[Saved data entries]

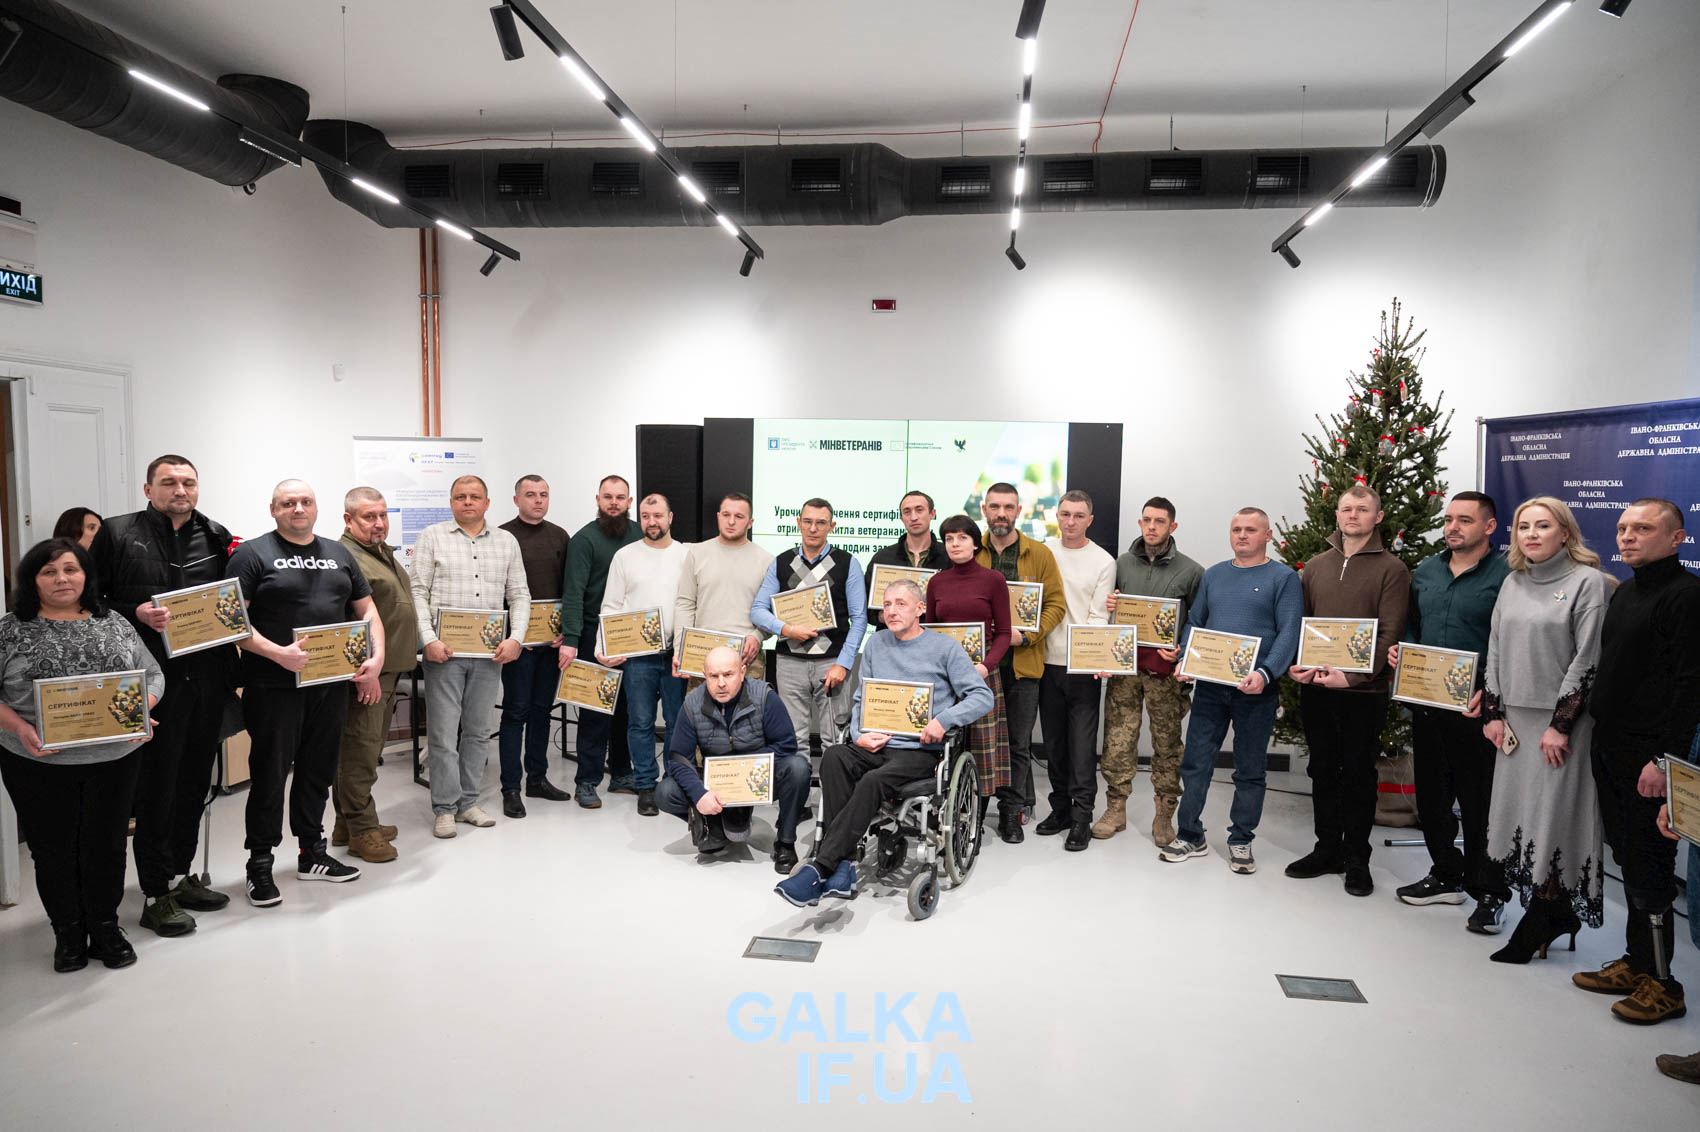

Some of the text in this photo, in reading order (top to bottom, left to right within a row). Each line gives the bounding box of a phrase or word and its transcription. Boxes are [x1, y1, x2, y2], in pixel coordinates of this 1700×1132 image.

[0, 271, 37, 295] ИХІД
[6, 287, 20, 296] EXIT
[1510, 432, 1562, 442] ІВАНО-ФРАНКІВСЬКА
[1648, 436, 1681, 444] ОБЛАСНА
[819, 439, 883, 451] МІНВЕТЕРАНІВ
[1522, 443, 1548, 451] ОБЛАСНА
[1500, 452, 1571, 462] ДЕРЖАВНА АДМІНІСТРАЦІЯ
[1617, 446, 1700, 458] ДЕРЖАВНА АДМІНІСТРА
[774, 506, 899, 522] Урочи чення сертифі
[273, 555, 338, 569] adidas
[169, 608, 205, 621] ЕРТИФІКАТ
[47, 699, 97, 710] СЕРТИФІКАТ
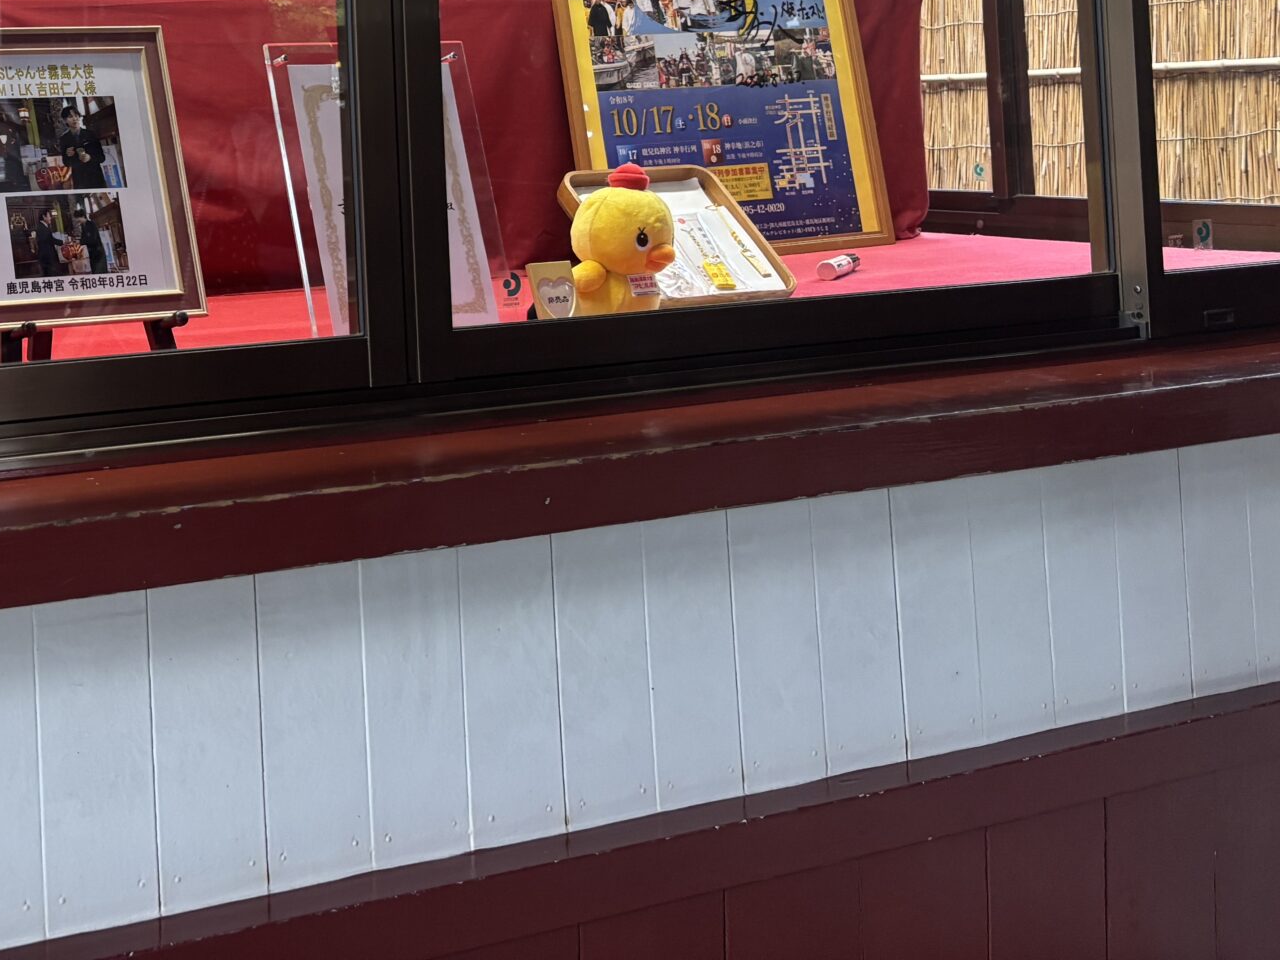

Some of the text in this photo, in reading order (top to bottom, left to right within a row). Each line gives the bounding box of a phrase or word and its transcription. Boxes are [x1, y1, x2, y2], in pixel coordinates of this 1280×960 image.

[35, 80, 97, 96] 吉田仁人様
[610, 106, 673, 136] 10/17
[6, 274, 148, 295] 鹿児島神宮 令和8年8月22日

◆ TASK DETAILS:
Write out the entries again, exactly as given, skipping any images.

◆ ANSWER BELOW:
Some of the text in this photo, in reading order (top to bottom, left to right within a row). Each line gives the bounding box of a phrase or word and its transcription. Boxes are [x1, y1, x2, y2], in pixel coordinates of this 1700×1132 image.

[0, 271, 37, 295] ИХІД
[6, 287, 20, 296] EXIT
[1510, 432, 1562, 442] ІВАНО-ФРАНКІВСЬКА
[1648, 436, 1681, 444] ОБЛАСНА
[819, 439, 883, 451] МІНВЕТЕРАНІВ
[1522, 443, 1548, 451] ОБЛАСНА
[1500, 452, 1571, 462] ДЕРЖАВНА АДМІНІСТРАЦІЯ
[1617, 446, 1700, 458] ДЕРЖАВНА АДМІНІСТРА
[774, 506, 899, 522] Урочи чення сертифі
[273, 555, 338, 569] adidas
[169, 608, 205, 621] ЕРТИФІКАТ
[47, 699, 97, 710] СЕРТИФІКАТ

Some of the text in this photo, in reading order (top to bottom, left to right within a row). Each line gives the bounding box of a phrase or word and its transcription. Boxes are [x1, y1, x2, y2], in pixel coordinates of this 1280×960 image.

[35, 80, 97, 96] 吉田仁人様
[610, 106, 673, 136] 10/17
[6, 274, 148, 295] 鹿児島神宮 令和8年8月22日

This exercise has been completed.